### [The problem]
Please write the data out once more, exactly as it is given.

○ ○ ○

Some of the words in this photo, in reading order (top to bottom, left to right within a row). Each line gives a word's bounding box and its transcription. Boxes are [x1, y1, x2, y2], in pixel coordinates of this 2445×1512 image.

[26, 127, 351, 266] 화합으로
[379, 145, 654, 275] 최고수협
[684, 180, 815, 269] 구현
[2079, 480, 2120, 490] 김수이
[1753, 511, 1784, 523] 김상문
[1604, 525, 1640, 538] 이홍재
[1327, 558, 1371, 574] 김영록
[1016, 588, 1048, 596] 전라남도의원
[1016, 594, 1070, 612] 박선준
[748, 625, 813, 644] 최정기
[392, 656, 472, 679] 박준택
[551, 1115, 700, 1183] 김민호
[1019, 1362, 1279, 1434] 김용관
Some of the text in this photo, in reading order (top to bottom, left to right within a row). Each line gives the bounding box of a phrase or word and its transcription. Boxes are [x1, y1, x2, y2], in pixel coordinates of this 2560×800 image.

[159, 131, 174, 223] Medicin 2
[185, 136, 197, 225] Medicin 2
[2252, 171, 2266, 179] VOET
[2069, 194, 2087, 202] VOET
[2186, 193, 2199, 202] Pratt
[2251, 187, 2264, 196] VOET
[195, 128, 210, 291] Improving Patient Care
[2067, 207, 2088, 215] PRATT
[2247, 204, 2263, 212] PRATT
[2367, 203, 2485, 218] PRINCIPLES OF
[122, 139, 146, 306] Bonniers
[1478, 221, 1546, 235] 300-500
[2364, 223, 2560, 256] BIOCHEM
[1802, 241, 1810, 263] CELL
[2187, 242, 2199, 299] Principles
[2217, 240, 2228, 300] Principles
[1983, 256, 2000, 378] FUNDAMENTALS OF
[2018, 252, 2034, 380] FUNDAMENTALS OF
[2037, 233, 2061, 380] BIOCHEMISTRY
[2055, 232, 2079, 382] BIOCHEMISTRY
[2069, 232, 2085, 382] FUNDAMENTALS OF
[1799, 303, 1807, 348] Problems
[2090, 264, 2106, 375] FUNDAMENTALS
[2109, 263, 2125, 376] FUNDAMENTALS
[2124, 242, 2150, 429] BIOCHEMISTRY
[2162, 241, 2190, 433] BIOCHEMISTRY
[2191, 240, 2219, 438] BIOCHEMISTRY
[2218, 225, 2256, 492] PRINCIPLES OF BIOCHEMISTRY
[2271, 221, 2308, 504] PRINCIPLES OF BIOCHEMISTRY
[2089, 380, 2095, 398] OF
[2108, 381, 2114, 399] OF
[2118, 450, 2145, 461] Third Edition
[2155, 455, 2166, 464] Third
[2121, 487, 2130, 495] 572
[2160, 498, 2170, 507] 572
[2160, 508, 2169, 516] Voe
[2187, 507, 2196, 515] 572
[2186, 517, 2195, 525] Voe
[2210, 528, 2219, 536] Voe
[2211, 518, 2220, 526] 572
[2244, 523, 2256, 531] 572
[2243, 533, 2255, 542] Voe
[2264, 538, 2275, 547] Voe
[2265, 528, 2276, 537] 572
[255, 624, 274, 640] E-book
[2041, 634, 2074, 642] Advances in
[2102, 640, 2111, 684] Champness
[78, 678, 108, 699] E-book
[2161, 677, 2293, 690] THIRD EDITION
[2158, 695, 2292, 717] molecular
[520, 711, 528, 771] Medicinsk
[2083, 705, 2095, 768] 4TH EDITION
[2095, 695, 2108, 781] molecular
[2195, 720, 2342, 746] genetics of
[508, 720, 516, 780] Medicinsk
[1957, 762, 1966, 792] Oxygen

○ ○ ○

### [Answer for the task]
Some of the words in this photo, in reading order (top to bottom, left to right within a row). Each line gives a word's bounding box and its transcription. Boxes are [x1, y1, x2, y2], in pixel coordinates of this 2445×1512 image.

[26, 127, 351, 266] 화합으로
[379, 145, 654, 275] 최고수협
[684, 180, 815, 269] 구현
[2079, 480, 2120, 490] 김수이
[1753, 511, 1784, 523] 김상문
[1604, 525, 1640, 538] 이홍재
[1327, 558, 1371, 574] 김영록
[1016, 588, 1048, 596] 전라남도의원
[1016, 594, 1070, 612] 박선준
[748, 625, 813, 644] 최정기
[392, 656, 472, 679] 박준택
[551, 1115, 700, 1183] 김민호
[1019, 1362, 1279, 1434] 김용관
Some of the text in this photo, in reading order (top to bottom, left to right within a row). Each line gives the bounding box of a phrase or word and its transcription. Boxes are [x1, y1, x2, y2], in pixel coordinates of this 2560×800 image.

[159, 131, 174, 223] Medicin 2
[185, 136, 197, 225] Medicin 2
[2252, 171, 2266, 179] VOET
[2069, 194, 2087, 202] VOET
[2186, 193, 2199, 202] Pratt
[2251, 187, 2264, 196] VOET
[195, 128, 210, 291] Improving Patient Care
[2067, 207, 2088, 215] PRATT
[2247, 204, 2263, 212] PRATT
[2367, 203, 2485, 218] PRINCIPLES OF
[122, 139, 146, 306] Bonniers
[1478, 221, 1546, 235] 300-500
[2364, 223, 2560, 256] BIOCHEM
[1802, 241, 1810, 263] CELL
[2187, 242, 2199, 299] Principles
[2217, 240, 2228, 300] Principles
[1983, 256, 2000, 378] FUNDAMENTALS OF
[2018, 252, 2034, 380] FUNDAMENTALS OF
[2037, 233, 2061, 380] BIOCHEMISTRY
[2055, 232, 2079, 382] BIOCHEMISTRY
[2069, 232, 2085, 382] FUNDAMENTALS OF
[1799, 303, 1807, 348] Problems
[2090, 264, 2106, 375] FUNDAMENTALS
[2109, 263, 2125, 376] FUNDAMENTALS
[2124, 242, 2150, 429] BIOCHEMISTRY
[2162, 241, 2190, 433] BIOCHEMISTRY
[2191, 240, 2219, 438] BIOCHEMISTRY
[2218, 225, 2256, 492] PRINCIPLES OF BIOCHEMISTRY
[2271, 221, 2308, 504] PRINCIPLES OF BIOCHEMISTRY
[2089, 380, 2095, 398] OF
[2108, 381, 2114, 399] OF
[2118, 450, 2145, 461] Third Edition
[2155, 455, 2166, 464] Third
[2121, 487, 2130, 495] 572
[2160, 498, 2170, 507] 572
[2160, 508, 2169, 516] Voe
[2187, 507, 2196, 515] 572
[2186, 517, 2195, 525] Voe
[2210, 528, 2219, 536] Voe
[2211, 518, 2220, 526] 572
[2244, 523, 2256, 531] 572
[2243, 533, 2255, 542] Voe
[2264, 538, 2275, 547] Voe
[2265, 528, 2276, 537] 572
[255, 624, 274, 640] E-book
[2041, 634, 2074, 642] Advances in
[2102, 640, 2111, 684] Champness
[78, 678, 108, 699] E-book
[2161, 677, 2293, 690] THIRD EDITION
[2158, 695, 2292, 717] molecular
[520, 711, 528, 771] Medicinsk
[2083, 705, 2095, 768] 4TH EDITION
[2095, 695, 2108, 781] molecular
[2195, 720, 2342, 746] genetics of
[508, 720, 516, 780] Medicinsk
[1957, 762, 1966, 792] Oxygen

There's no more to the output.